Overvaluing Goodwill

 

Given the tax advantages, it is tempting to push for the highest possible value for Goodwill. The problem is that if the company pays me more than the market value of the Goodwill, HMRC will argue that it has given me a taxable benefit by doing so.

 

The value of Goodwill is inevitably a matter of opinion, so it is difficult to be certain what is the correct price for it. HMRC recognise this problem, and in their Tax Bulletin of April 2005, they offered to allow overpayments for Goodwill in these circumstances to be “unwound”, by the loan account being reduced, provided the following conditions were satisfied:

 

There had been no deliberate intention to overvalue the Goodwill, AND
The Goodwill had been “professionally valued” before incorporation
 

“Professionally valued” means using the services of a suitably qualified specialist – your tax adviser should be able to recommend someone.

 

“Inherent”, “Personal” and “Free” Goodwill

Goodwill comes in several forms for tax purposes, but a particular problem arises with what HMRC call “inherent” Goodwill.

 

My furniture business probably has no “inherent” Goodwill – because it does not matter where the factory is – but if you think of a pub, the Goodwill there cannot really be treated as separate from the actual building, or if it can, it is the Goodwill generated by the way the landlord runs the place and his personality, and this is “Personal” Goodwill.

 

HMRC take the view that:

 

“Inherent” Goodwill (as in the case of a pub, restaurant, or similar business) cannot be transferred without transferring the premises as well. In many cases the most tax efficient thing to do would be to transfer the trade and Goodwill into the company, but retain personal ownership of the business premises, but this may not be possible where “inherent” Goodwill is involved.
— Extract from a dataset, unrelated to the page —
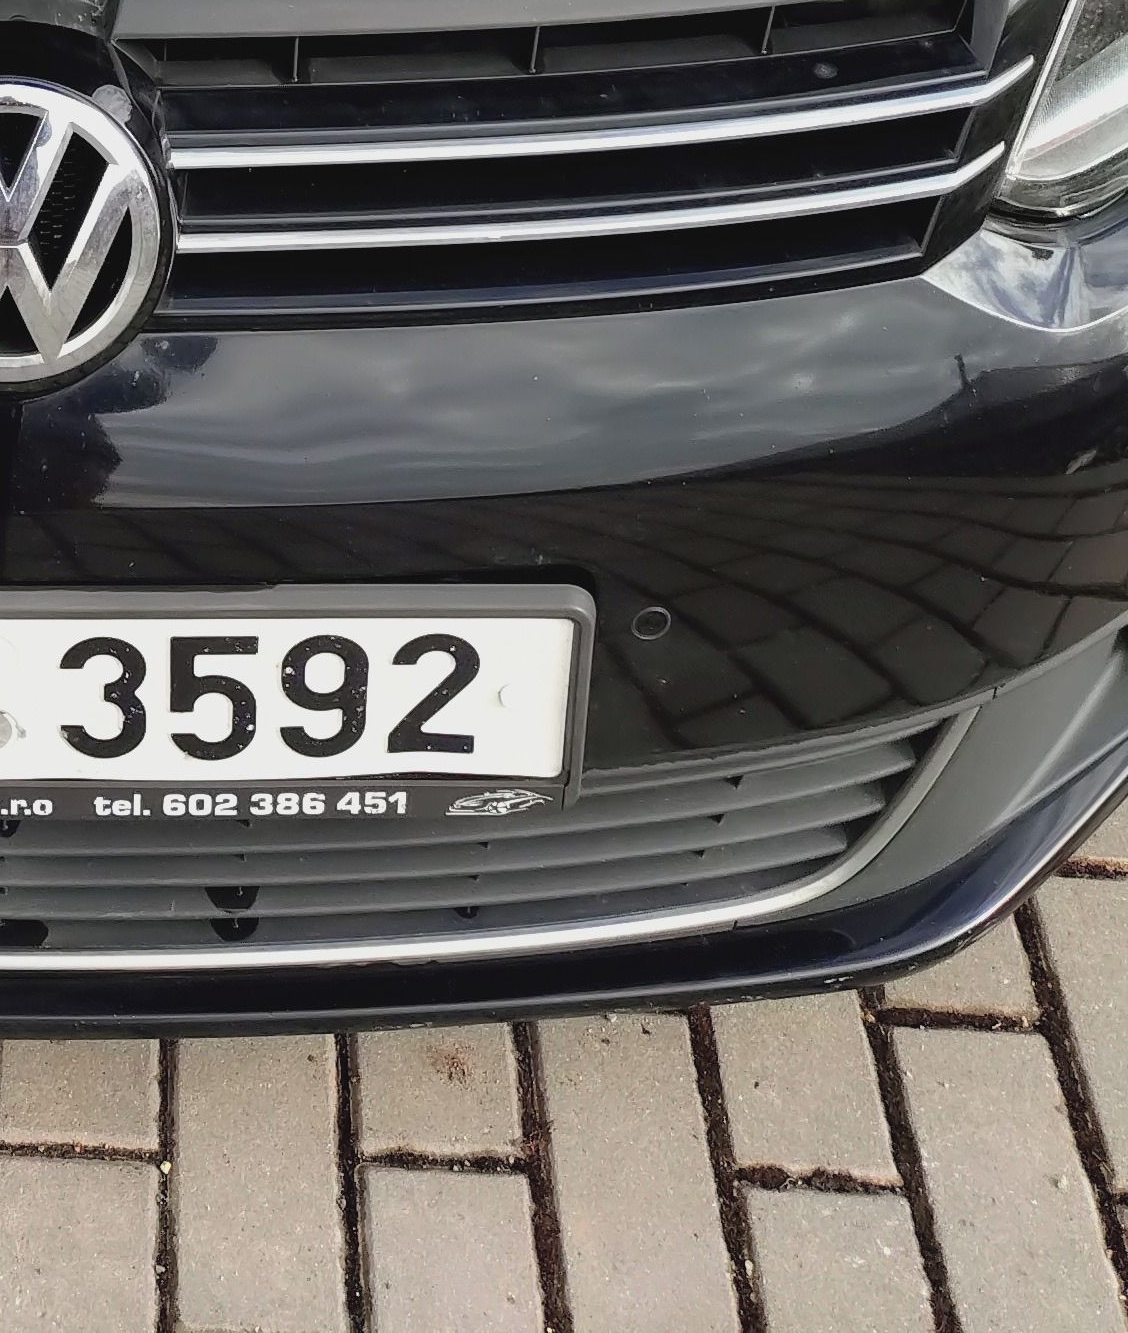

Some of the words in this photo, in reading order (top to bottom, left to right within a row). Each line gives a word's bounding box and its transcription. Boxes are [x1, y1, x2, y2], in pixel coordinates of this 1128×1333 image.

“Personal” Goodwill cannot be bought or sold. Given that the slave trade has been abolished, it is difficult to argue with this proposition.
 

For tax planning purposes, therefore, we are left with “Free” Goodwill – which is the Goodwill of the business that is neither “inherent” in the business premises, nor “personal” to the individual who runs it.

 

In the real world, most businesses have a mixture of all three types of Goodwill, which is why professional advice is essential before engaging in any transactions involving the transfer of Goodwill to a company.